# Developing an API Wrapper for Spanish Electricity Market Data

<br>

### Imports

In [1]:
import pandas as pd
import numpy as np

import matplotlib.pyplot as plt
import seaborn as sns

import requests
from bs4 import BeautifulSoup

import inspect
import warnings
import operator
import itertools
from functools import reduce

<br>

### Retrieving API Documentation

We can check out details on the API through direct scraping of its documentation webpage

In [3]:
RED_documentation_url = 'https://www.ree.es/en/apidatos'

r = requests.get(RED_documentation_url)

r

<Response [200]>

<br>

The majority of the useful information is contained within tables in the HTML which we'll extract

In [4]:
documentation_tables = pd.read_html(r.content)

len(documentation_tables)

8

<br>

The first table we'll look into contains the combinations of categories and widgets that can be queried 

In [5]:
df_category_widgets = (documentation_tables
                       [4]
                       .drop(columns='lang')
                       .dropna(how='all')
                       .ffill()
                       .reset_index(drop=True)
                      )

category_widget_combos = df_category_widgets.apply(lambda s: tuple(s.tolist()), axis=1).tolist()
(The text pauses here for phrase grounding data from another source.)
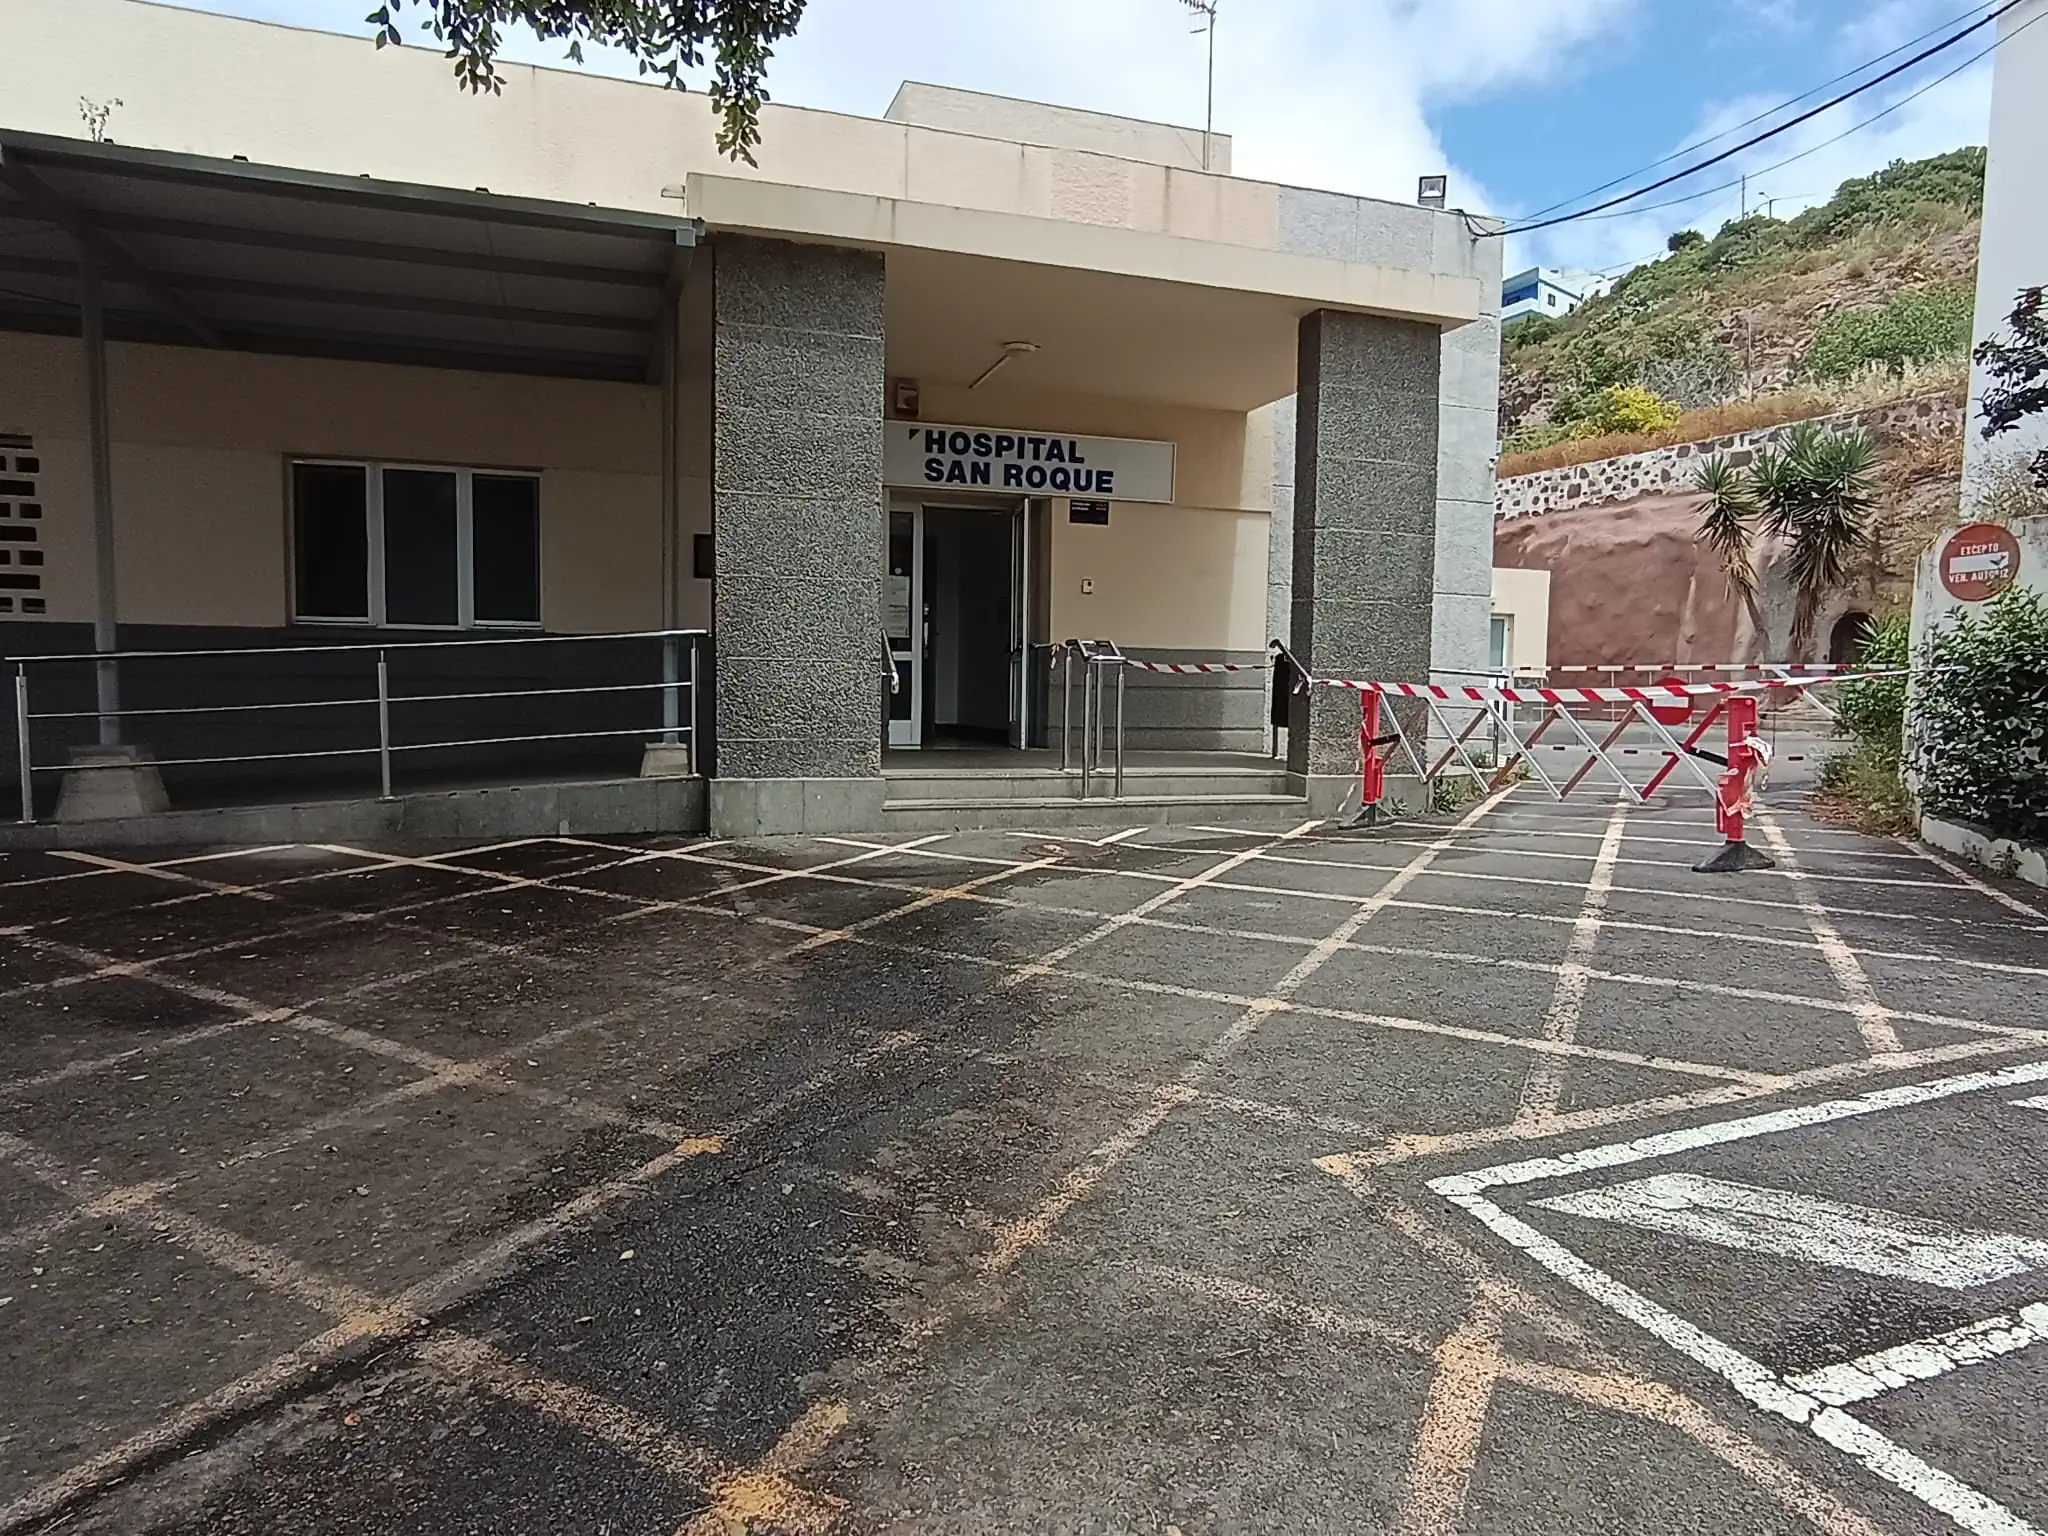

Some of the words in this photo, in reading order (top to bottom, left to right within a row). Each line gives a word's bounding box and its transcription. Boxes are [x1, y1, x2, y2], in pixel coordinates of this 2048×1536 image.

[925, 430, 1085, 463] HOSPITAL
[924, 458, 991, 485] SAN
[1003, 464, 1114, 493] ROQUE
[1960, 543, 1999, 556] EXCEPTO
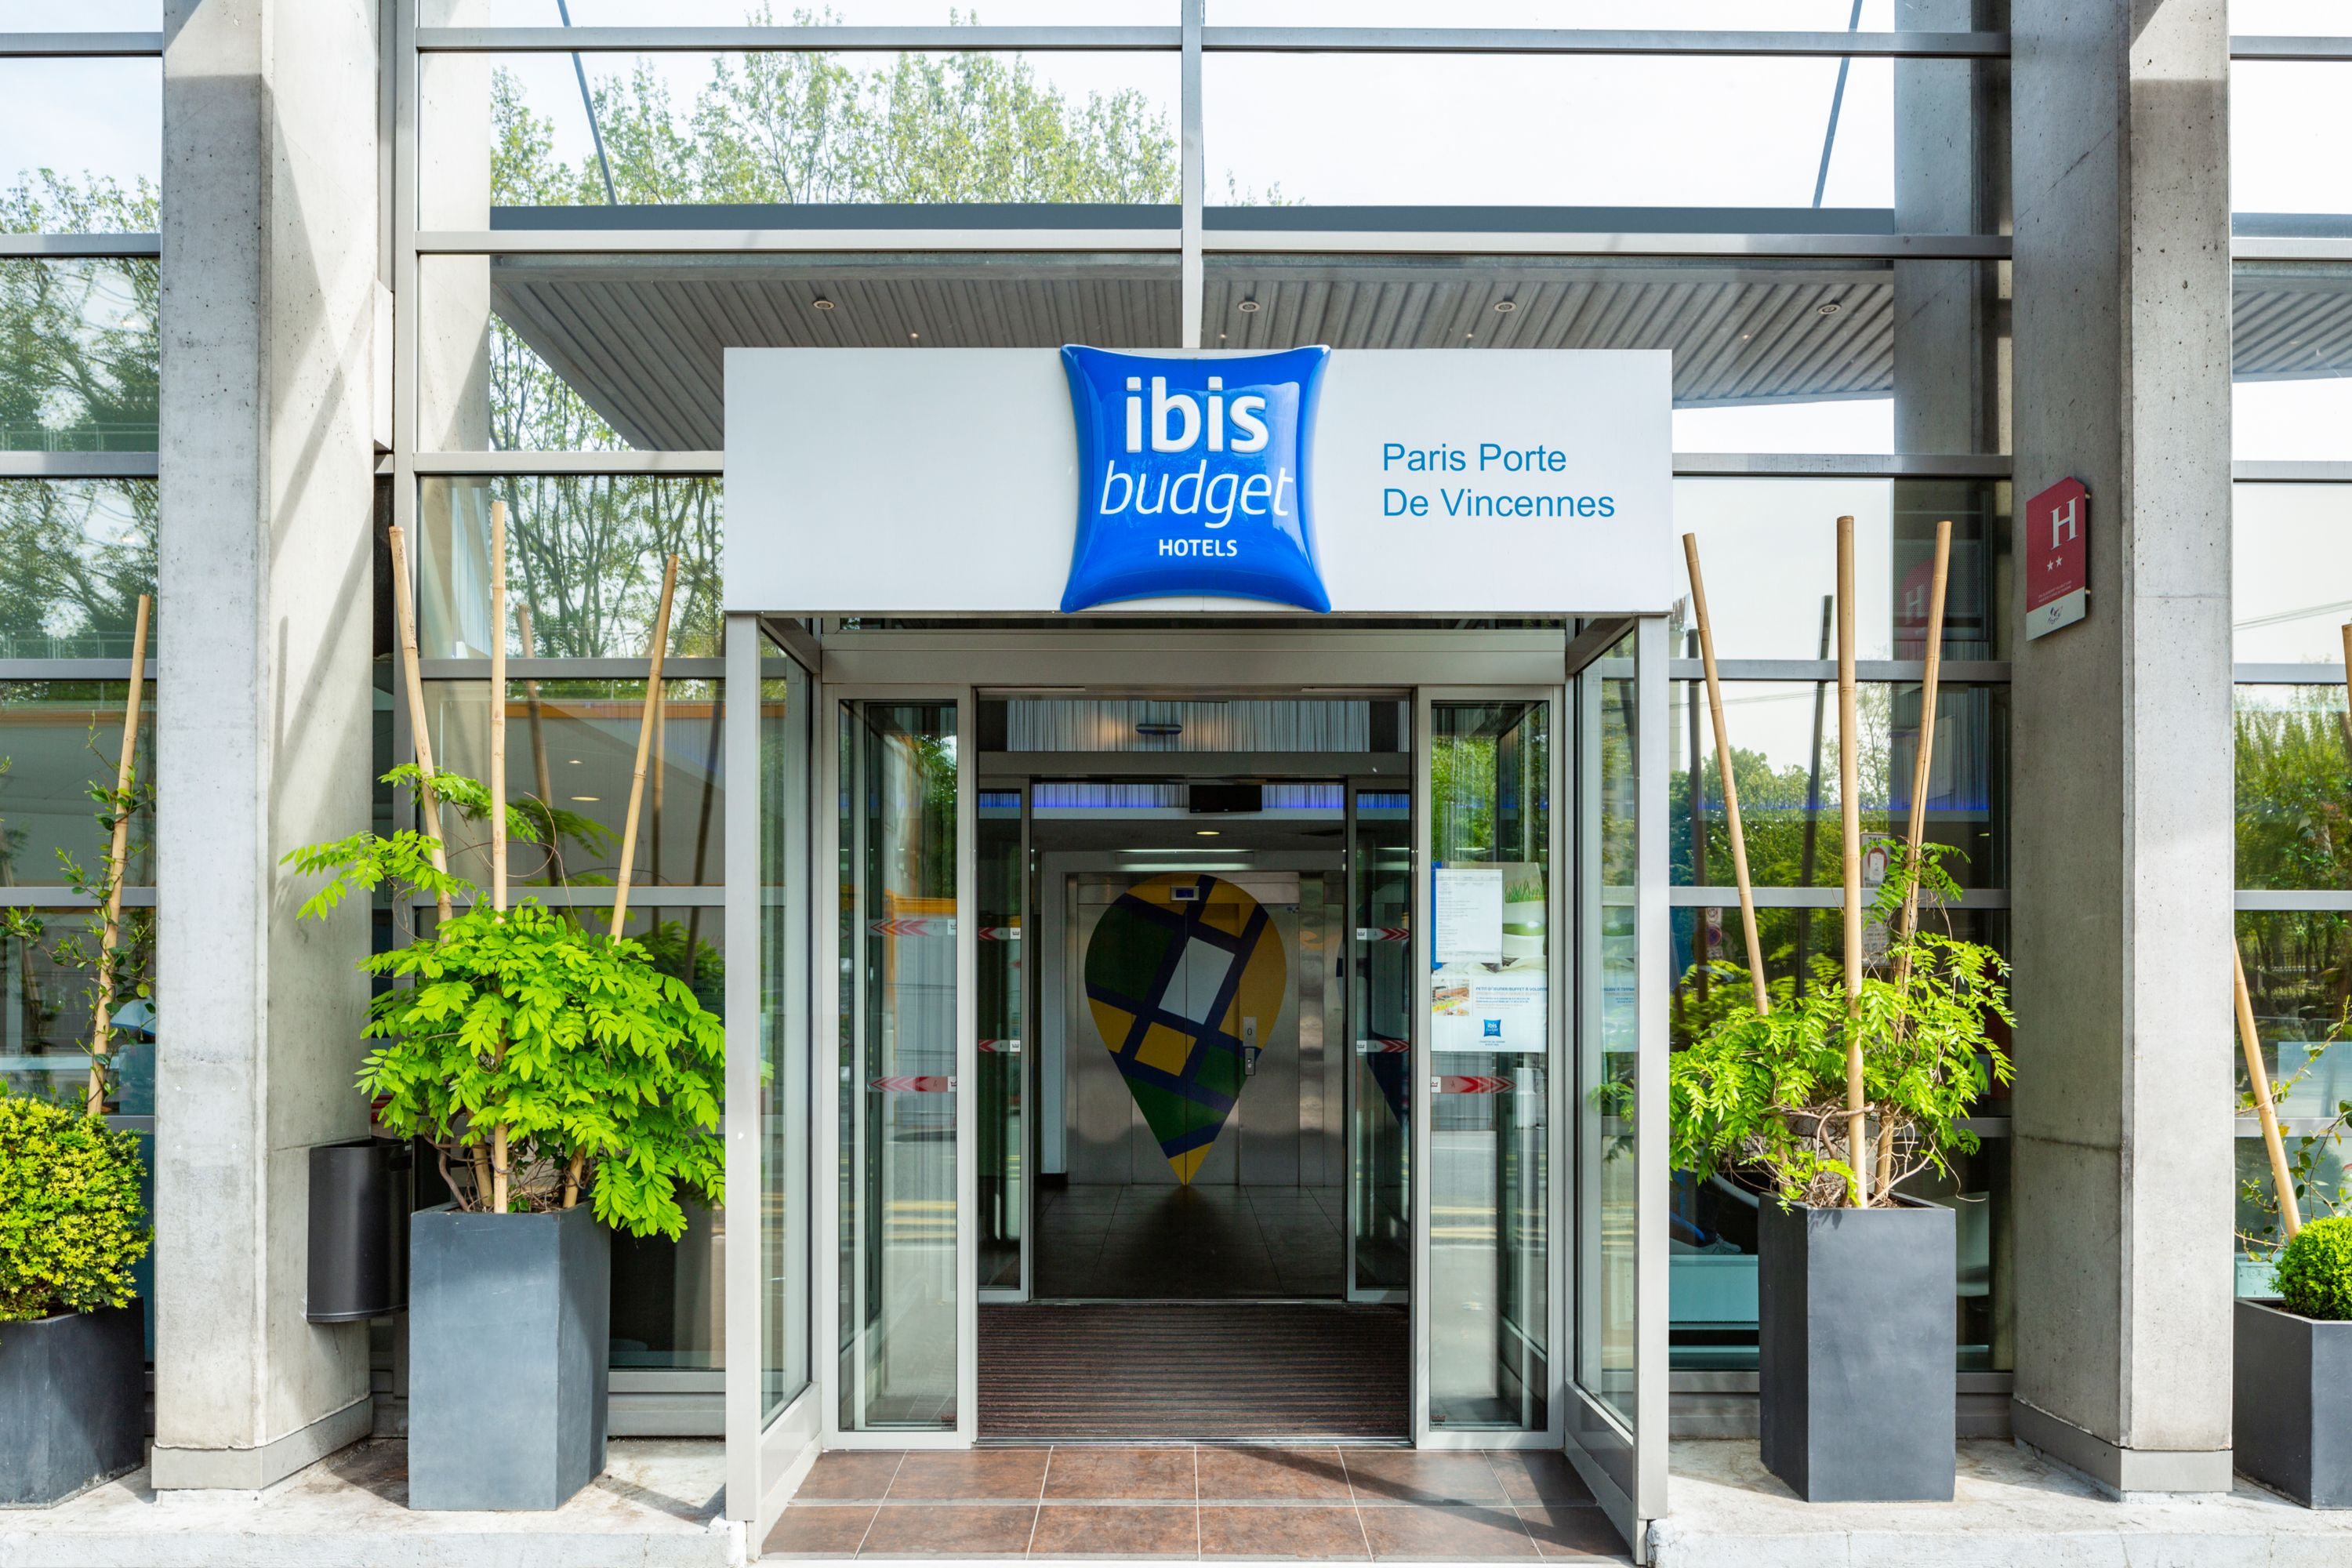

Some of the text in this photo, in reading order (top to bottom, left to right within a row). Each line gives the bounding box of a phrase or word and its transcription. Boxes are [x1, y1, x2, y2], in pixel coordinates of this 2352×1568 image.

[1126, 376, 1269, 453] ibis
[1384, 443, 1566, 472] Paris Porte
[1100, 459, 1294, 529] budget
[1384, 488, 1615, 517] De Vincennes
[2049, 495, 2078, 551] H
[1159, 539, 1238, 557] HOTELS
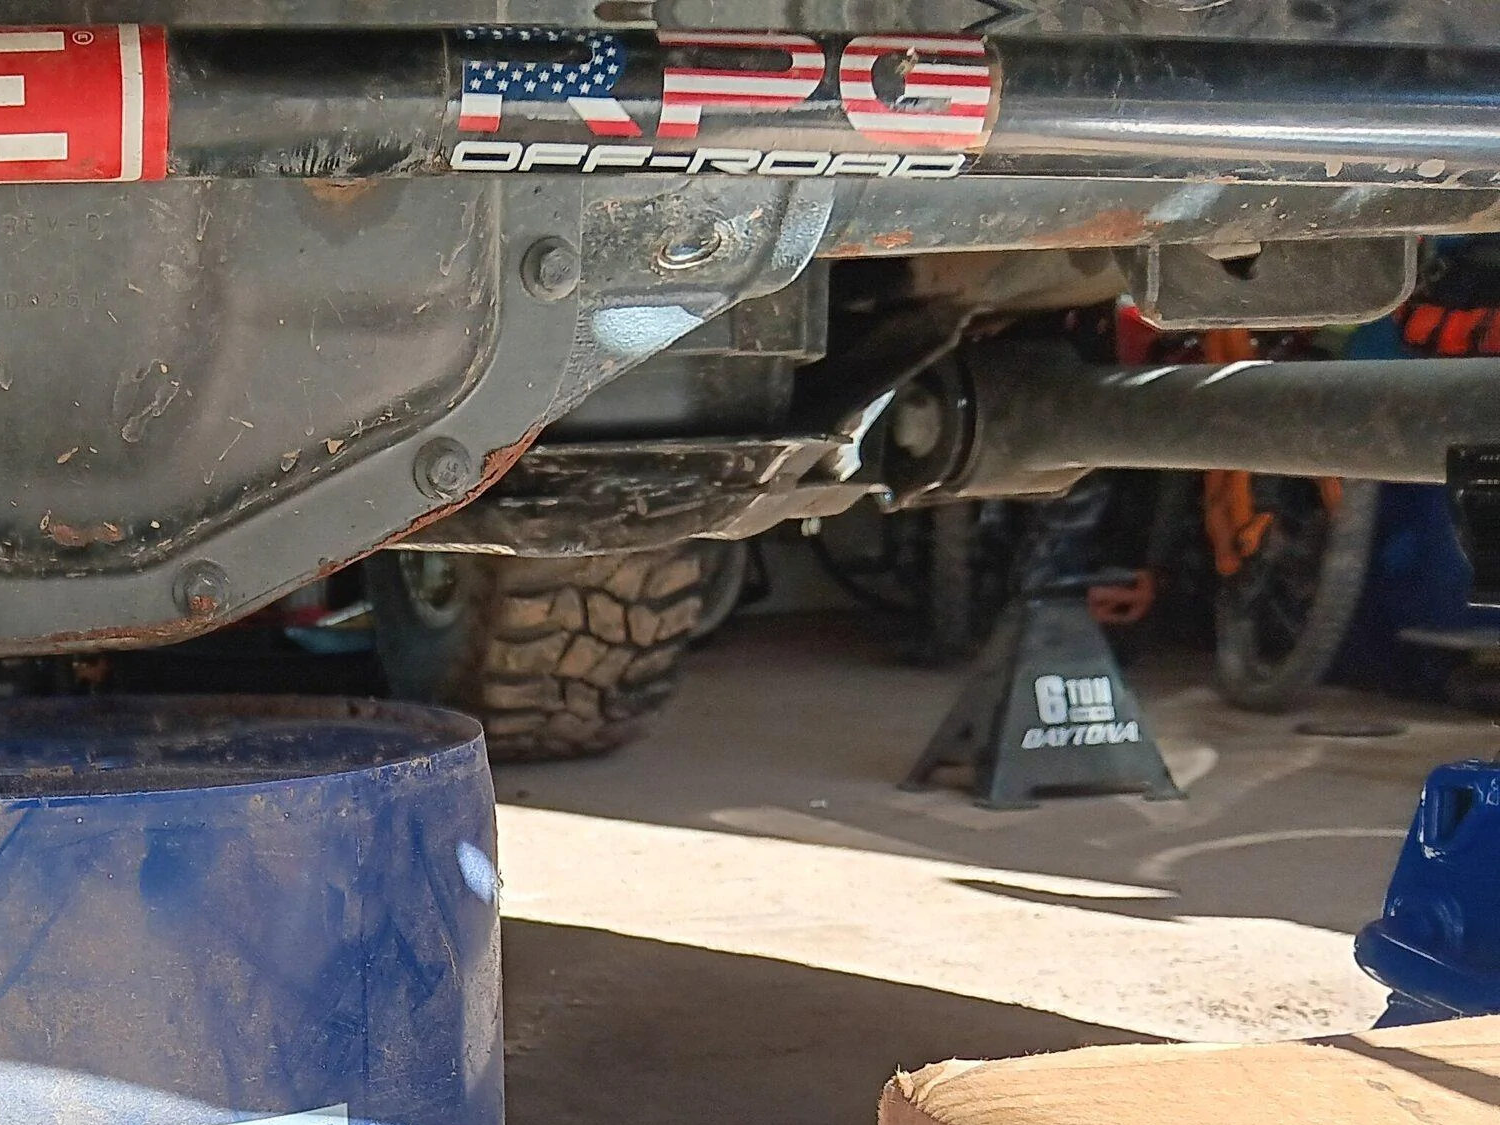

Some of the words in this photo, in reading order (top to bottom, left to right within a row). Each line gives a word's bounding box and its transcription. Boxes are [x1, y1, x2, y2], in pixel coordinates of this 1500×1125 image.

category_widget_combos[:5]

[['balance', 'balance-electrico'],
 ['demanda', 'evolucion'],
 ['demanda', 'variacion-componentes'],
 ['demanda', 'variacion-componentes-movil'],
 ['demanda', 'ire-general']]

<br>

We can also extract information about what parameters are allowed and which must be specified

In [14]:
df_params = documentation_tables[5]

s_optional_params = df_params['Description'].str.contains('(Optional)')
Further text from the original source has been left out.